Court Opinion

ID: 3698345
Source: CourtListenerOpinion
Date Created: 2016-07-06 06:38:02.080907+00
Date Added: 2024-06-11T14:09:52.322986
License: Public Domain

This cause was heard upon the record in the trial court. Each error assigned has been reviewed and the following disposition is made:
Appellant Phillip Wallencheck appeals from the decision of the Lorain County Court of Common Pleas denying his petition for postconviction relief.1  We affirm.
On January 9, 1997, Wallencheck was convicted of one count of breaking and entering and one count of grand theft, each with a specification for a prior offense of violence.  The Lorain County Court of Common Pleas sentenced Wallencheck to indefinite prison terms on both counts, to be run concurrent with one another but consecutive to a sentence imposed previously.  Wallencheck appealed to this court, and we affirmed the trial court.  State v.Wallencheck (June 30, 1998), Lorain App. No. 97CA006669, unreported.
Wallencheck filed a petition for postconviction relief under R.C. 2953.21 on June 23, 1997, which the trial court denied on June 24, 1997.  Wallencheck attempted to appeal the trial court's decision to this court on August 4, 1997, but the appeal was dismissed as untimely.
On December 29, 1997, Wallencheck filed a second petition for postconviction relief.  The trial court denied Wallencheck's second petition on December 31, 1997.  Wallencheck appeals, assigning one error.
Wallencheck's sole assignment of error states:
THE TRIAL COURT ERRED AS A MATTER OF LAW WHEN IT FAILED TO SENTENCE THE APPELLANT PHILLIP J. WALLENCHECK PURSUANT TO SENATE BILL 2 (THE NEW LAW)[.]
Wallencheck argues that the trial court should have resentenced him under Am.Sub.S.B. No. 2.  However, this court does not have to address the assignment of error, because the trial court was barred from entertaining Wallencheck's petition.
In State v.
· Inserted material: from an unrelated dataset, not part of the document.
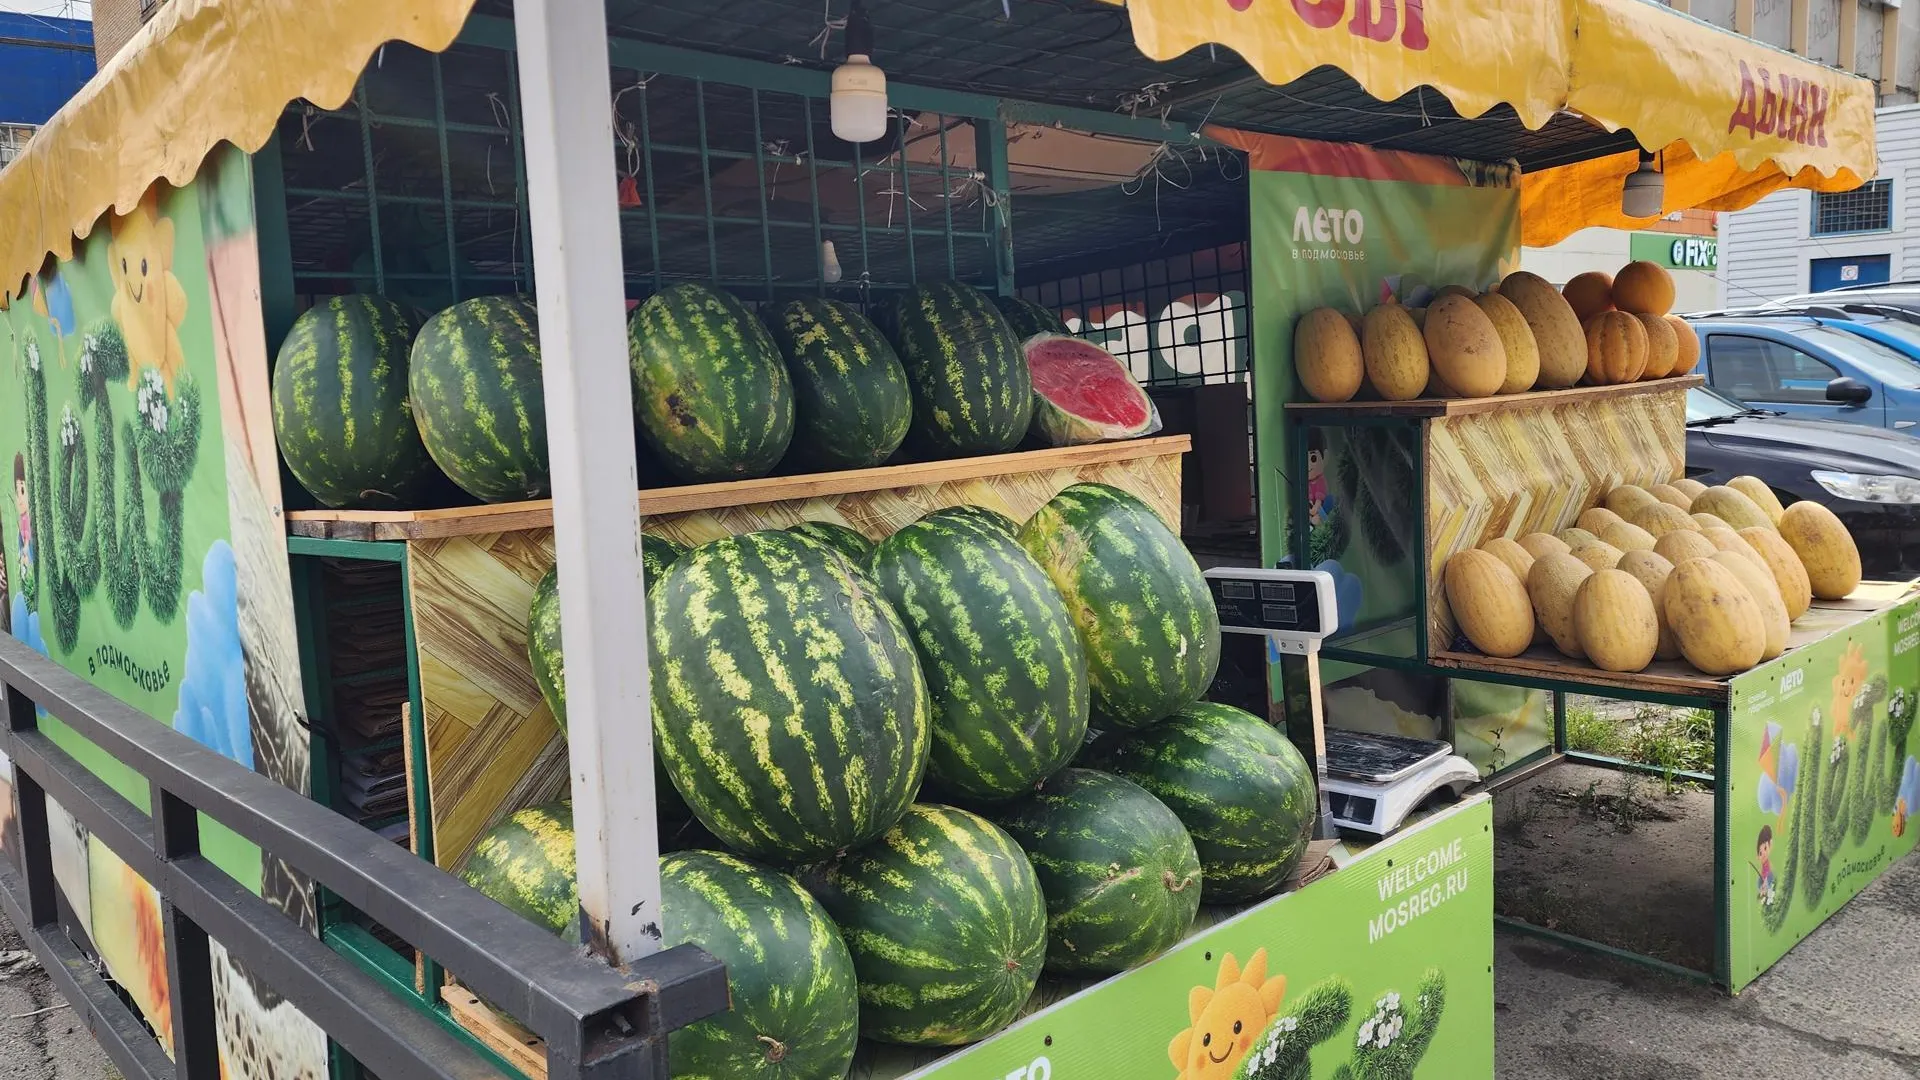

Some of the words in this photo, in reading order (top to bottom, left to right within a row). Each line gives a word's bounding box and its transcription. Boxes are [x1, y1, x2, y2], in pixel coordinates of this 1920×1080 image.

[1728, 59, 1828, 148] ДЫНИ
[1369, 867, 1469, 944] MOSREG.RU
[1378, 837, 1467, 902] WELCOME.
Fuller (Apr. 30, 1997), Lorain App. No. 96CA006626, unreported, we said:
  Since September 21, 1995, Section 2953.23(A) of the Ohio Revised Code has permitted the trial court to entertain a second or successive petition for post-conviction relief only if it meets certain conditions:  (1) the petitioner must show either that he was unavoidably prevented from discovering the facts upon which he relies in the petition, or that the United States Supreme Court has, since his last petition, recognized a new federal or state right that applies retroactively to the petitioner; and (2) the petitioner must show by clear and convincing evidence that a reasonable factfinder would not have found him guilty * * * but for constitutional error at trial.
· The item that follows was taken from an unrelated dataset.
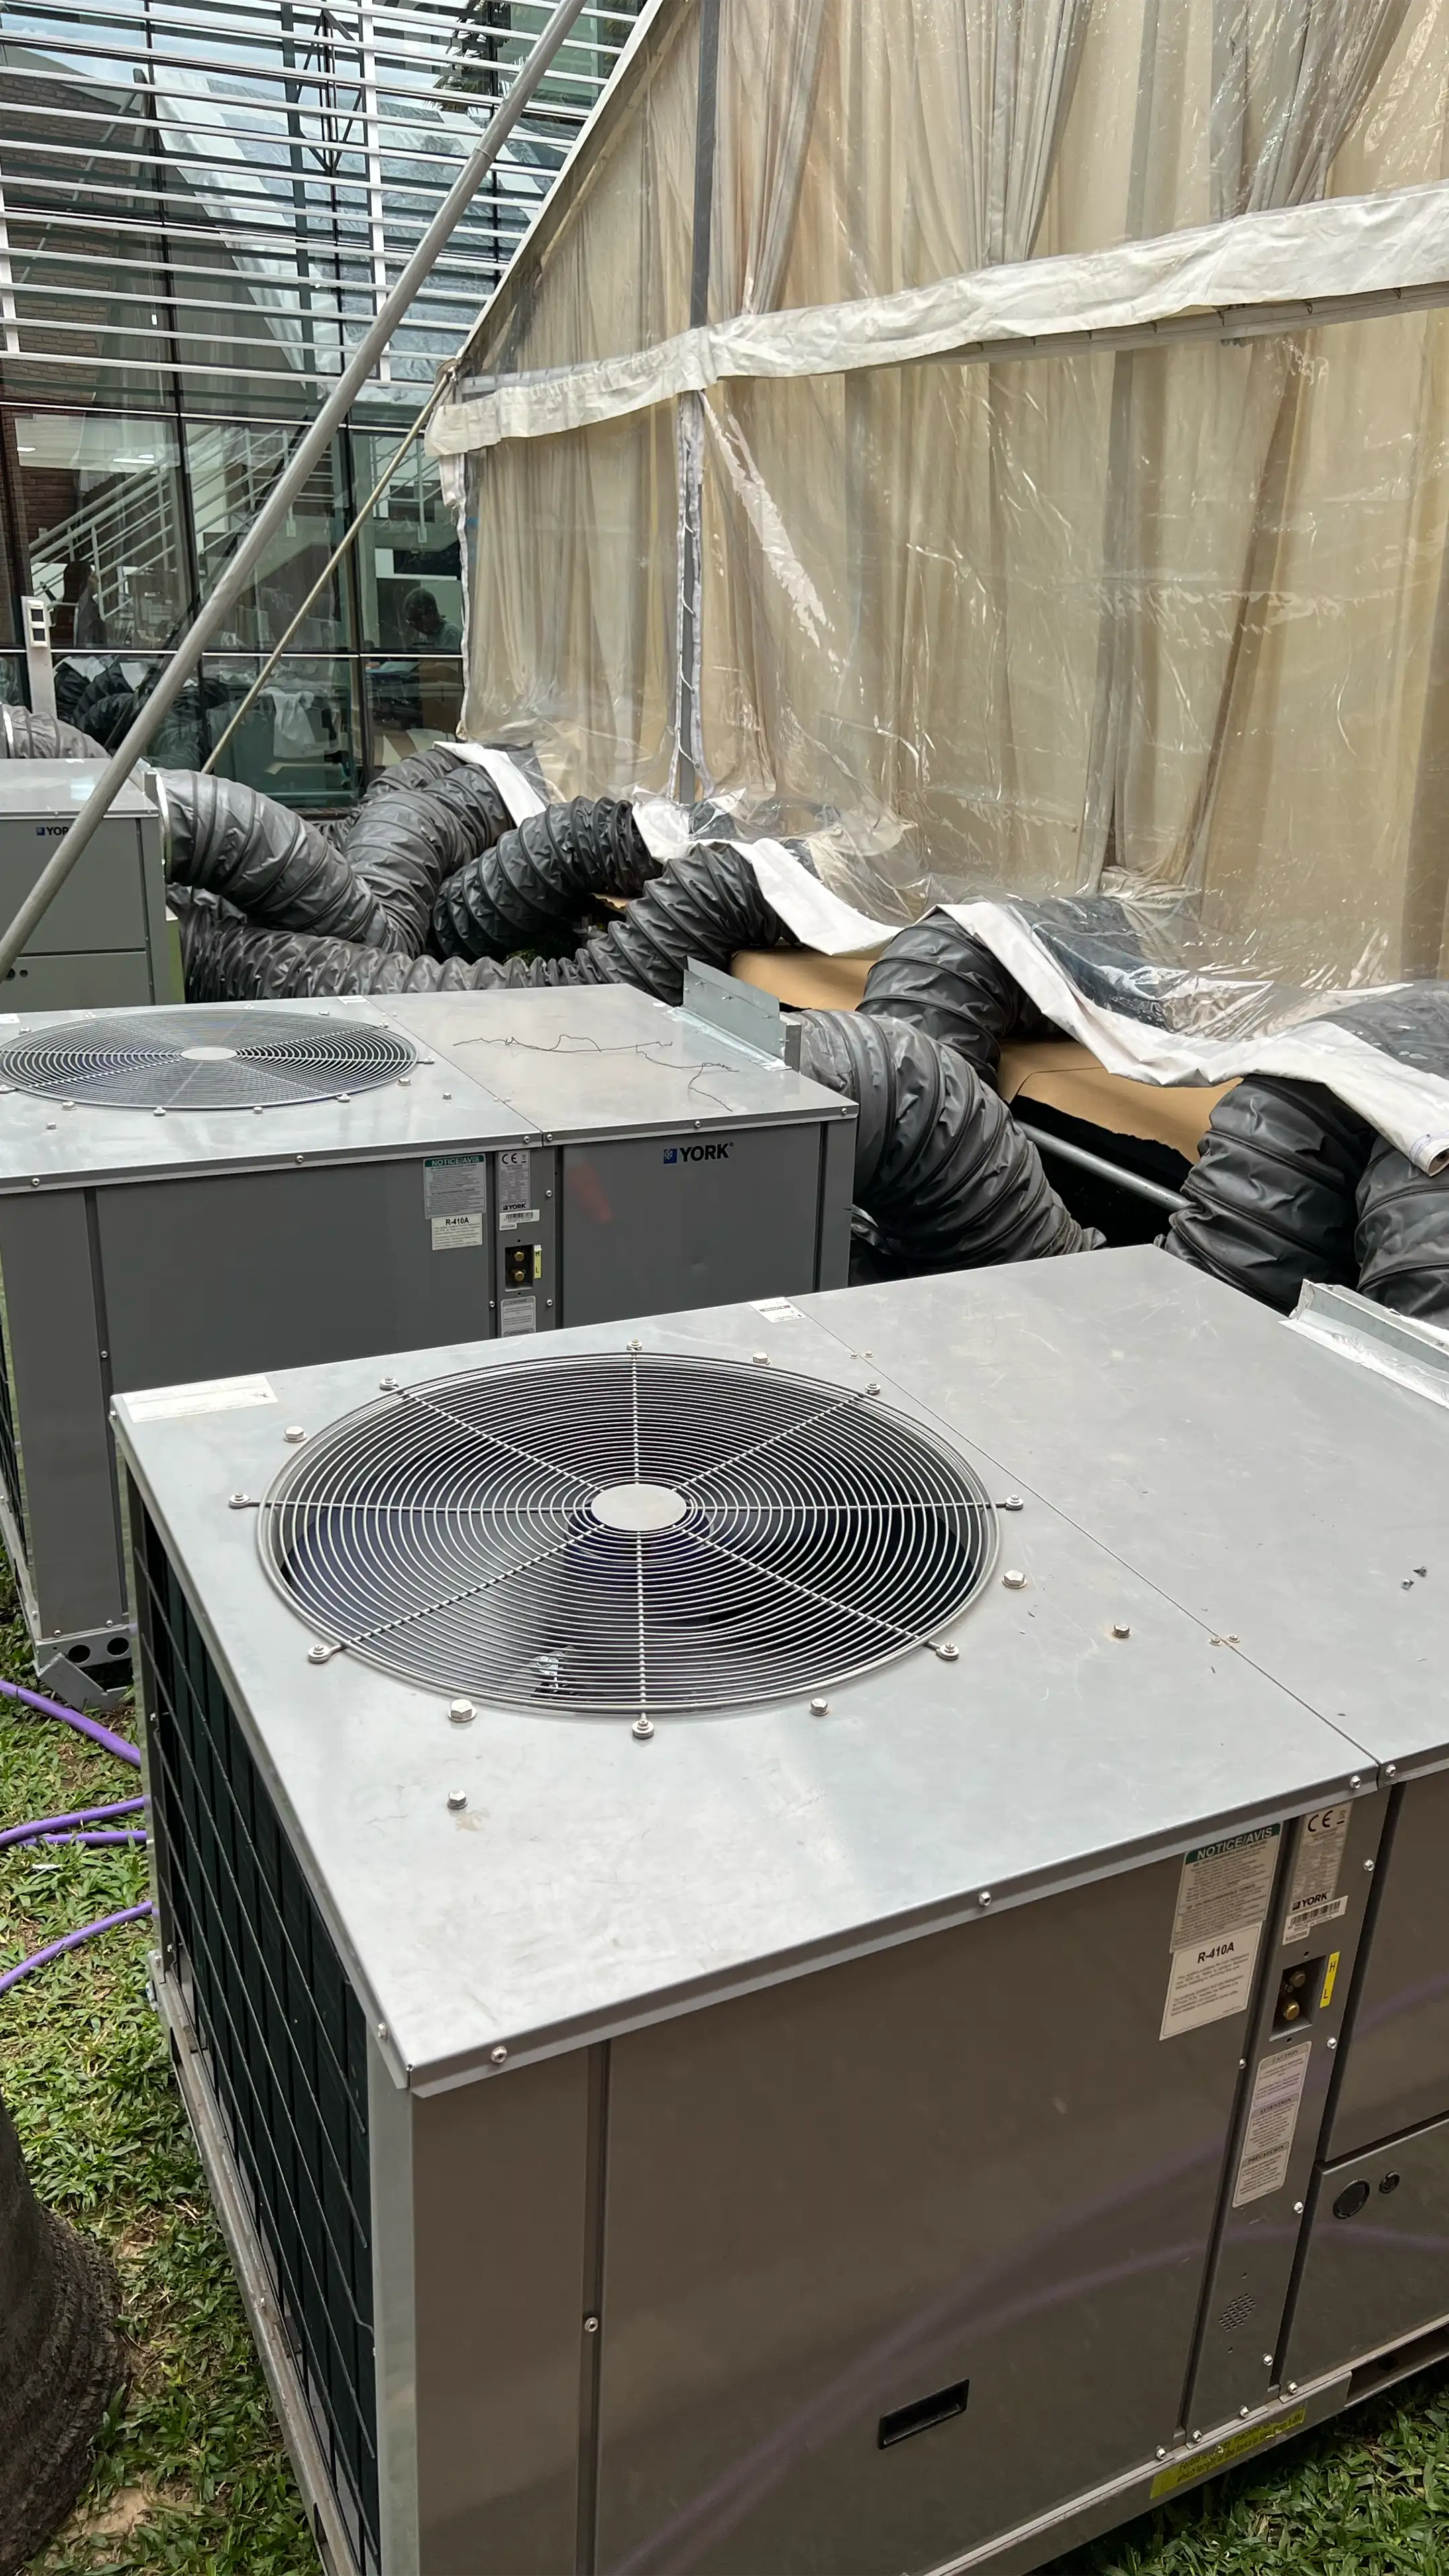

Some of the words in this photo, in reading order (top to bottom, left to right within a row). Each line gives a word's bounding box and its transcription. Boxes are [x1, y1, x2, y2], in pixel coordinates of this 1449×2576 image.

Id. at 2-3.  This is Wallencheck's second petition for postconviction relief.  Wallencheck has not demonstrated that he meets any of the criteria set forth above.  Therefore, the trial court was precluded from considering this second petition. Wallencheck's assignment of error must be overruled.
Wallencheck's assignment of error is overruled.  The judgment of the Lorain County Court of Common Pleas is affirmed.
Judgment affirmed.
The Court finds that there were reasonable grounds for this appeal.
We order that a special mandate issue out of this Court, directing the County of Lorain, Common Pleas Court, to carry this judgment into execution.  A certified copy of this journal entry shall constitute the mandate, pursuant to App.R. 27.
Immediately upon the filing hereof, this document shall constitute the journal entry of judgment, and it shall be file-stamped by the Clerk of the Court of Appeals at which time the period for review shall begin to run.  App.R. 22(E).
FOR THE COURT
SLABY, J.
QUILLIN, J.
CONCUR
(Quillin, J., retired Judge of the Ninth District Court of Appeals, sitting by assignment pursuant to Article IV, § 6(C), Constitution.)
1 Wallencheck's petition is captioned as a motion to correct or modify his sentence.  However, such motions are treated as petitions for postconviction relief.  State v. Reynolds (1997),79 Ohio St.3d 158, syllabus.